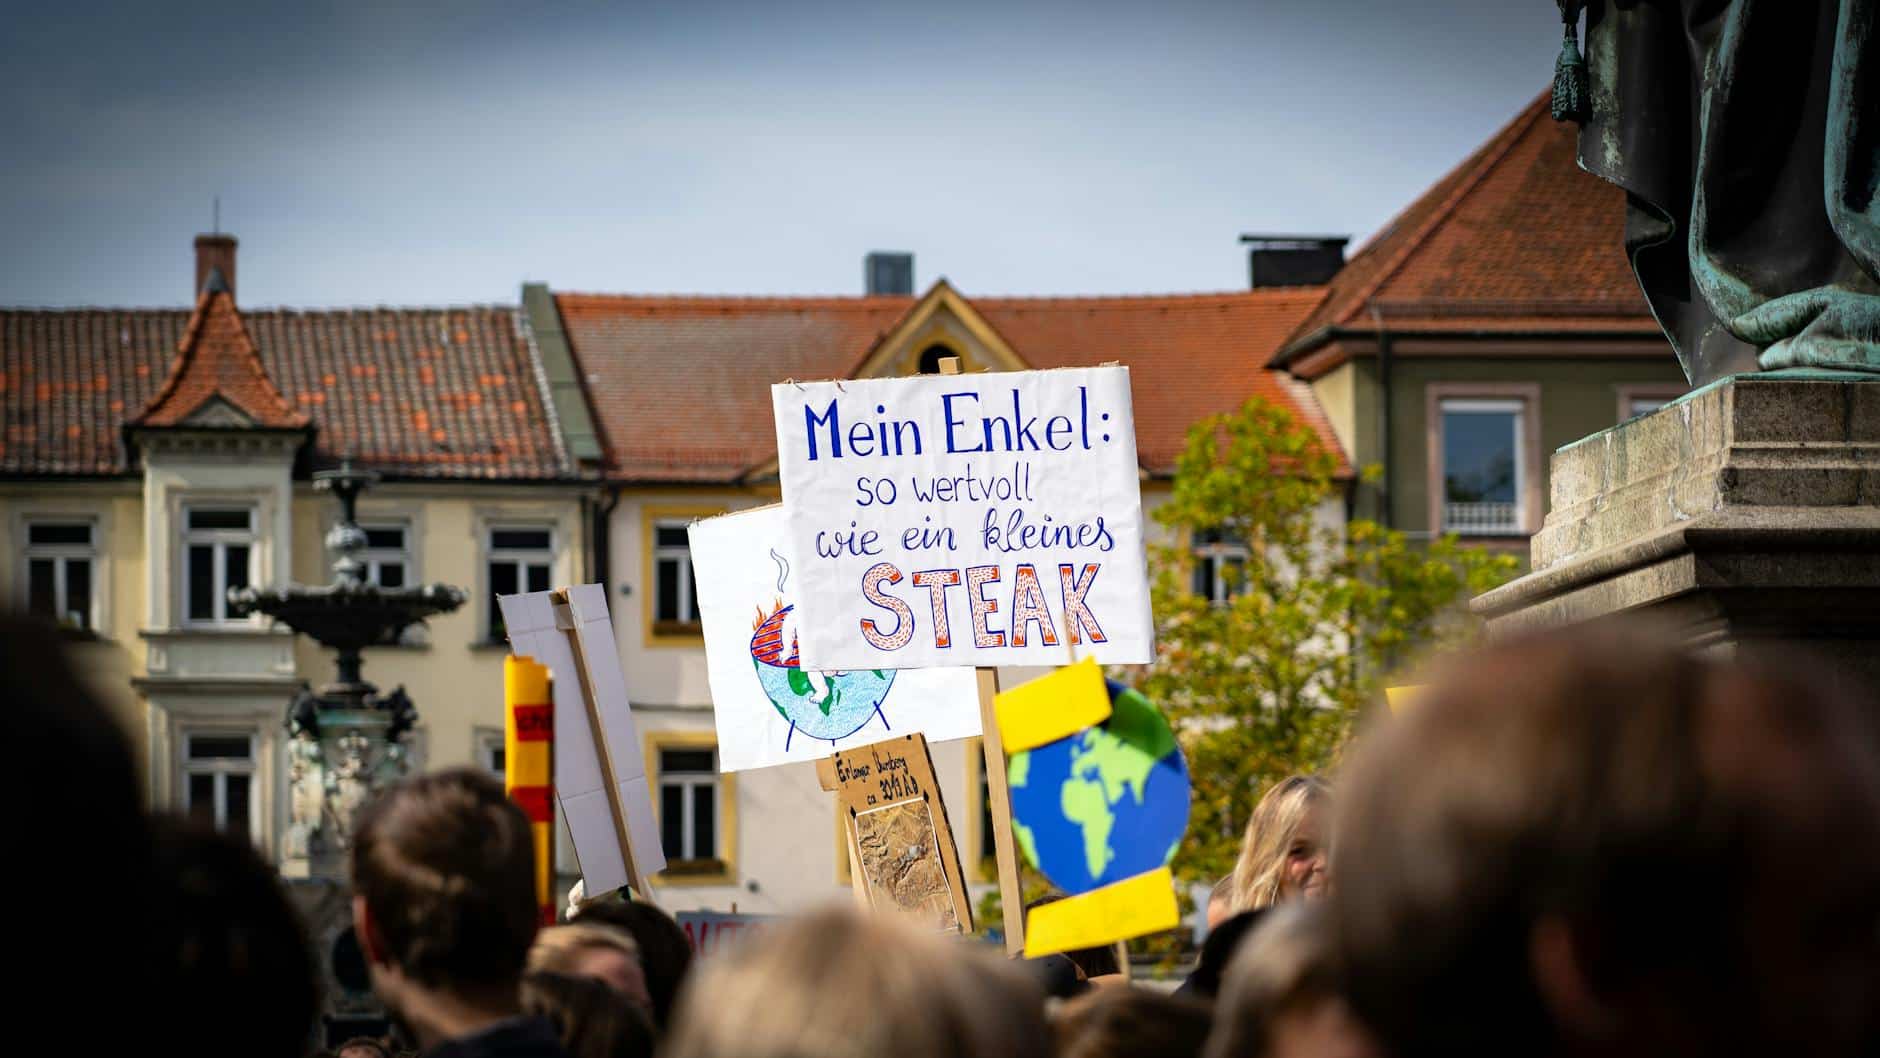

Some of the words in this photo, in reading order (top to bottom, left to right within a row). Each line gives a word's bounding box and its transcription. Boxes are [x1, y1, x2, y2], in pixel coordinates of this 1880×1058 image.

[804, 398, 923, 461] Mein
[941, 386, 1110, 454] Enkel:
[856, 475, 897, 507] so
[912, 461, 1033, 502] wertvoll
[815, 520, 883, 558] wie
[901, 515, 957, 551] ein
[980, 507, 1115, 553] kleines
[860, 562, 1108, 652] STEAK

Assignment: Provide an exact copy of the records, excluding every picture.

Reply to the exercise:
Some of the words in this photo, in reading order (top to bottom, left to right within a row). Each line gives a word's bounding box and its transcription. Boxes are [x1, y1, x2, y2], in pixel coordinates of this 1880×1058 image.

[804, 398, 923, 461] Mein
[941, 386, 1110, 454] Enkel:
[856, 475, 897, 507] so
[912, 461, 1033, 502] wertvoll
[815, 520, 883, 558] wie
[901, 515, 957, 551] ein
[980, 507, 1115, 553] kleines
[860, 562, 1108, 652] STEAK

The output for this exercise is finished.